→ **Work order**
Give an exact copy of the data that follows, but none of its pictures.

---------- Extracted information ----------

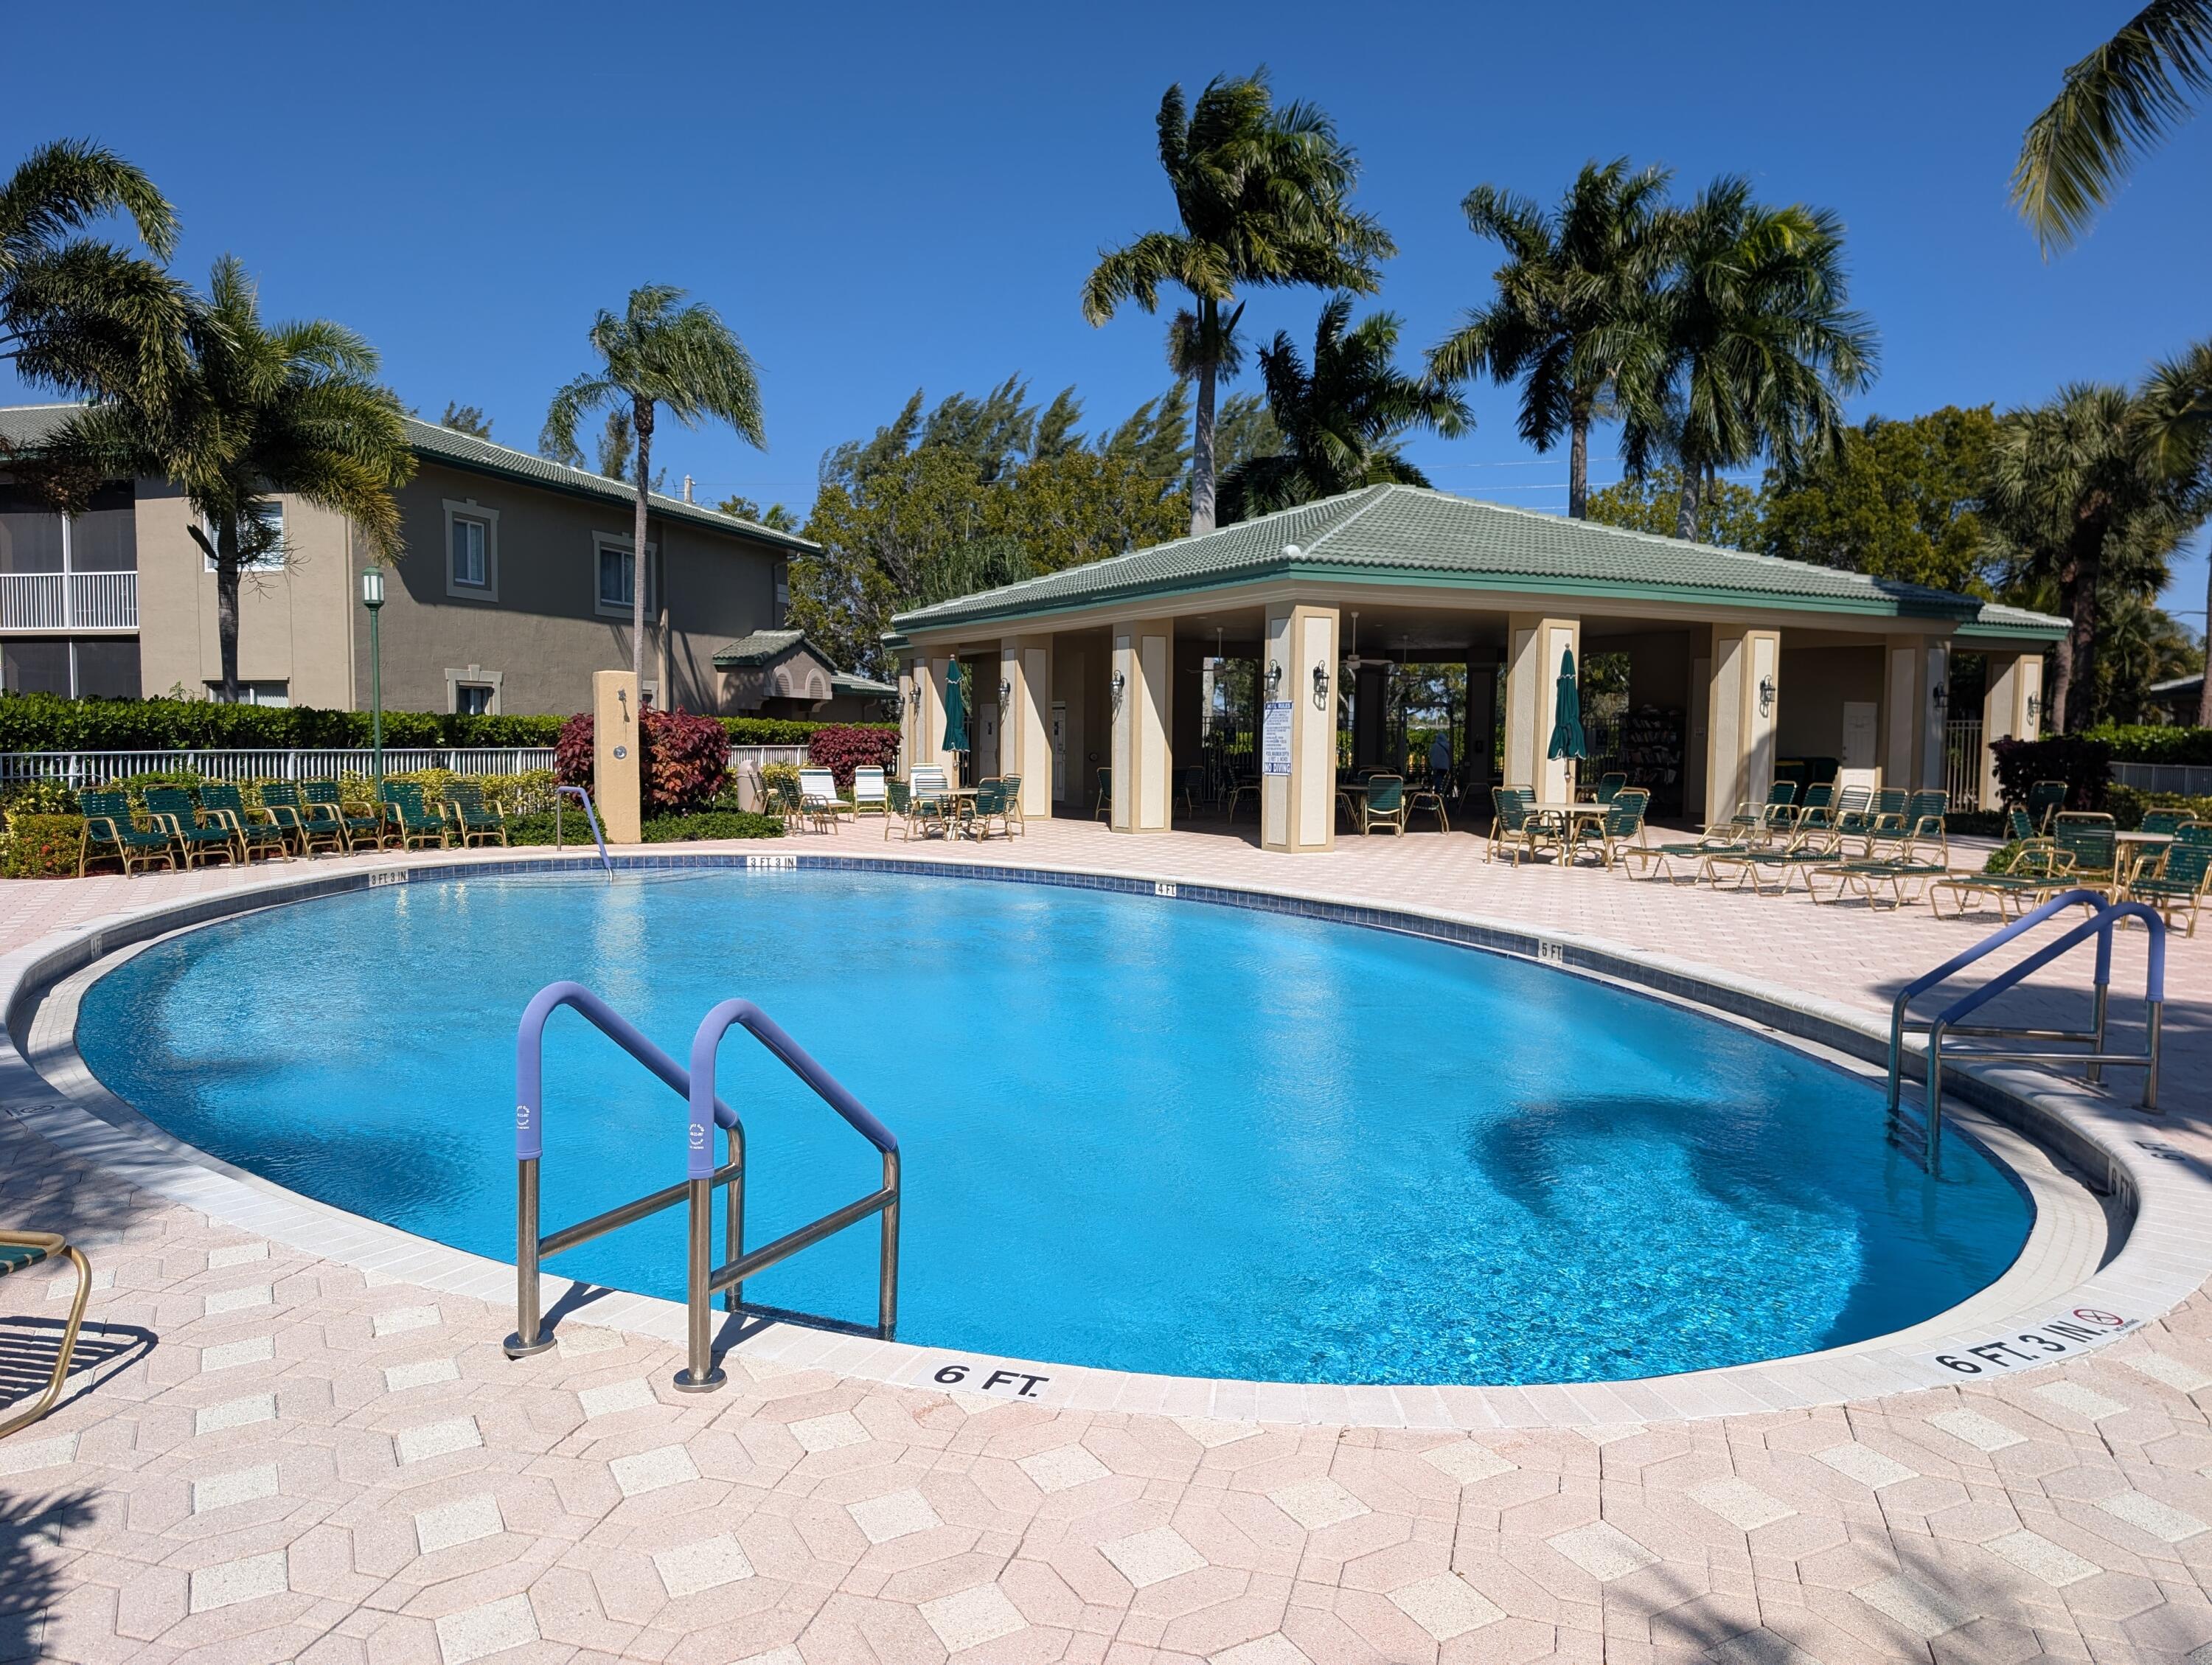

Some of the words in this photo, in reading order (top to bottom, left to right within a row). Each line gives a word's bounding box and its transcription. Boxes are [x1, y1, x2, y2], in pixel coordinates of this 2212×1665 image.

[1265, 763, 1272, 772] NO
[1273, 763, 1290, 773] DIVING
[751, 858, 757, 866] 3
[776, 858, 781, 866] 3
[372, 875, 376, 885] 3
[391, 872, 395, 882] 3
[1158, 883, 1163, 894] 4
[1542, 942, 1548, 957] 5
[1551, 944, 1562, 960] FT.
[2112, 1167, 2117, 1196] 6
[1935, 1355, 1982, 1374] 6
[1966, 1341, 2041, 1367] FT.
[2018, 1335, 2066, 1352] 3
[2042, 1321, 2109, 1343] IN.
[934, 1366, 970, 1384] 6
[981, 1370, 1050, 1397] FT.
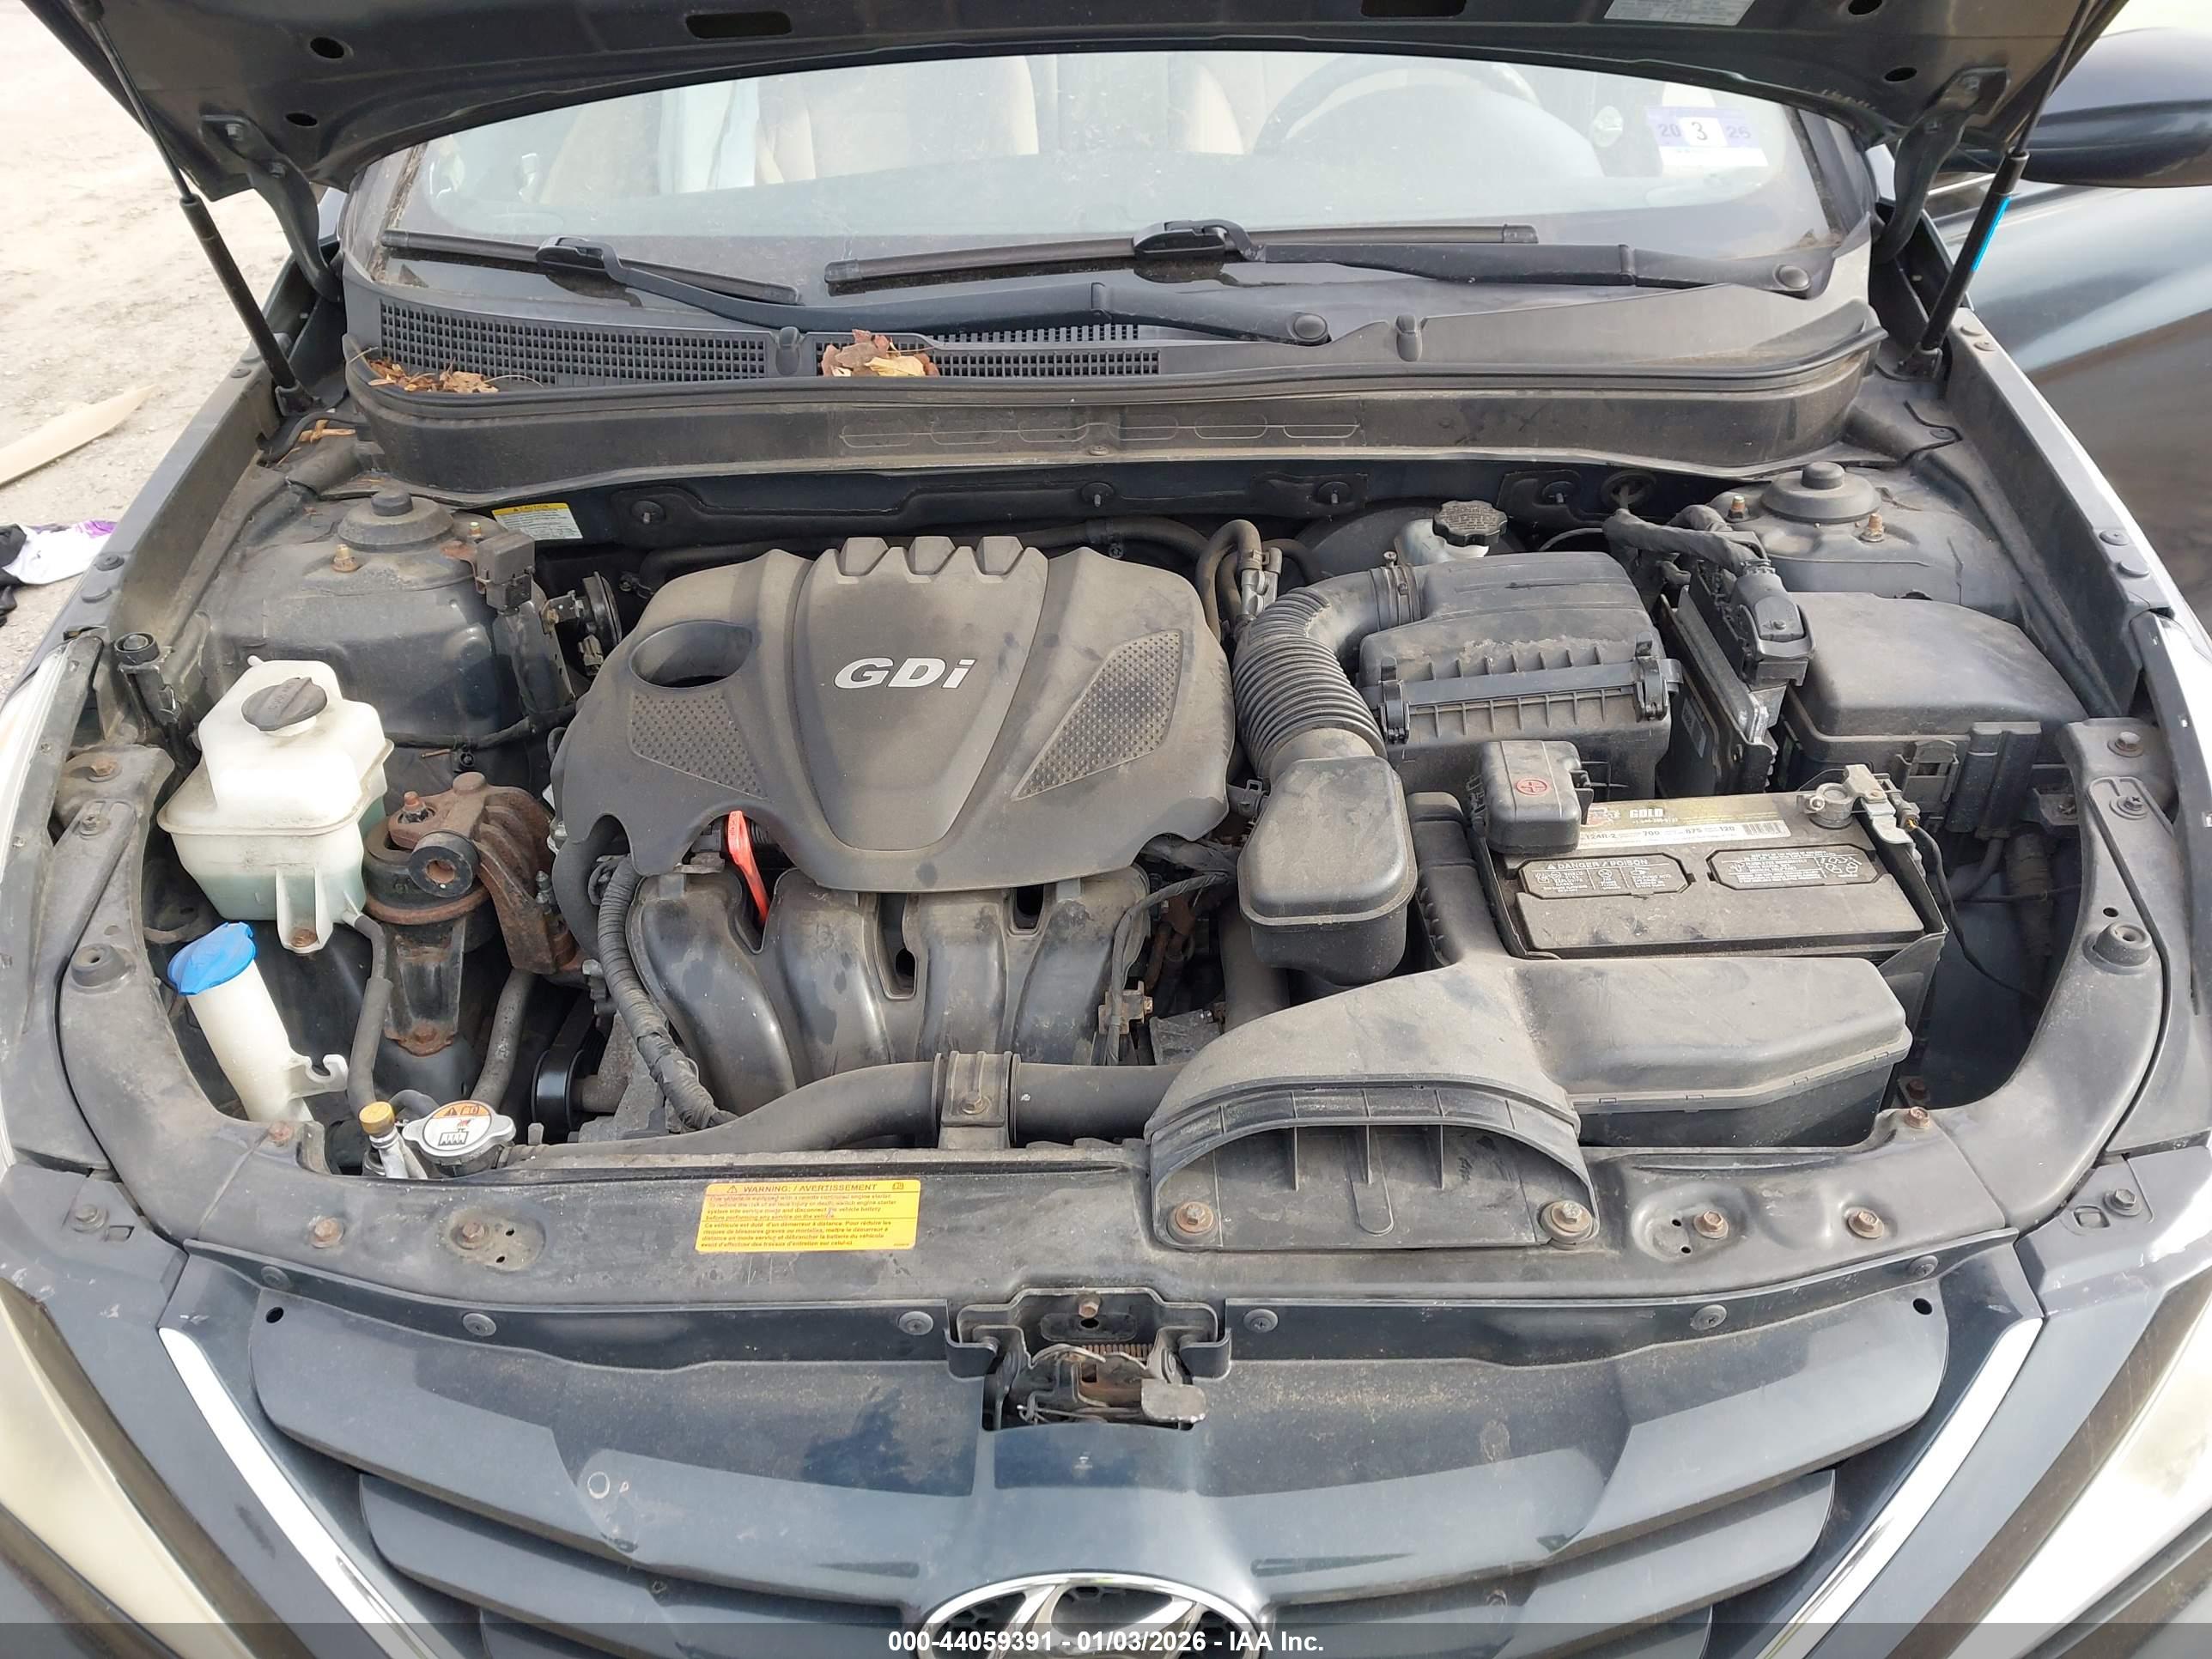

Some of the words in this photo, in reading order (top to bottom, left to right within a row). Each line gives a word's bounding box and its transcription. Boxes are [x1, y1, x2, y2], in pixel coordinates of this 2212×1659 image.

[1658, 124, 1681, 137] 20
[1691, 121, 1708, 141] 3
[834, 657, 978, 689] GDi
[1629, 808, 1663, 818] GOLD
[1558, 861, 1600, 870] DANGER
[1609, 858, 1649, 867] POISON

----------

→ **Solution to this problem**
Some of the words in this photo, in reading order (top to bottom, left to right within a row). Each line gives a word's bounding box and its transcription. Boxes are [x1, y1, x2, y2], in pixel coordinates of this 2212×1665 image.

[1265, 763, 1272, 772] NO
[1273, 763, 1290, 773] DIVING
[751, 858, 757, 866] 3
[776, 858, 781, 866] 3
[372, 875, 376, 885] 3
[391, 872, 395, 882] 3
[1158, 883, 1163, 894] 4
[1542, 942, 1548, 957] 5
[1551, 944, 1562, 960] FT.
[2112, 1167, 2117, 1196] 6
[1935, 1355, 1982, 1374] 6
[1966, 1341, 2041, 1367] FT.
[2018, 1335, 2066, 1352] 3
[2042, 1321, 2109, 1343] IN.
[934, 1366, 970, 1384] 6
[981, 1370, 1050, 1397] FT.

Some of the words in this photo, in reading order (top to bottom, left to right within a row). Each line gives a word's bounding box and its transcription. Boxes are [x1, y1, x2, y2], in pixel coordinates of this 2212×1659 image.

[1658, 124, 1681, 137] 20
[1691, 121, 1708, 141] 3
[834, 657, 978, 689] GDi
[1629, 808, 1663, 818] GOLD
[1558, 861, 1600, 870] DANGER
[1609, 858, 1649, 867] POISON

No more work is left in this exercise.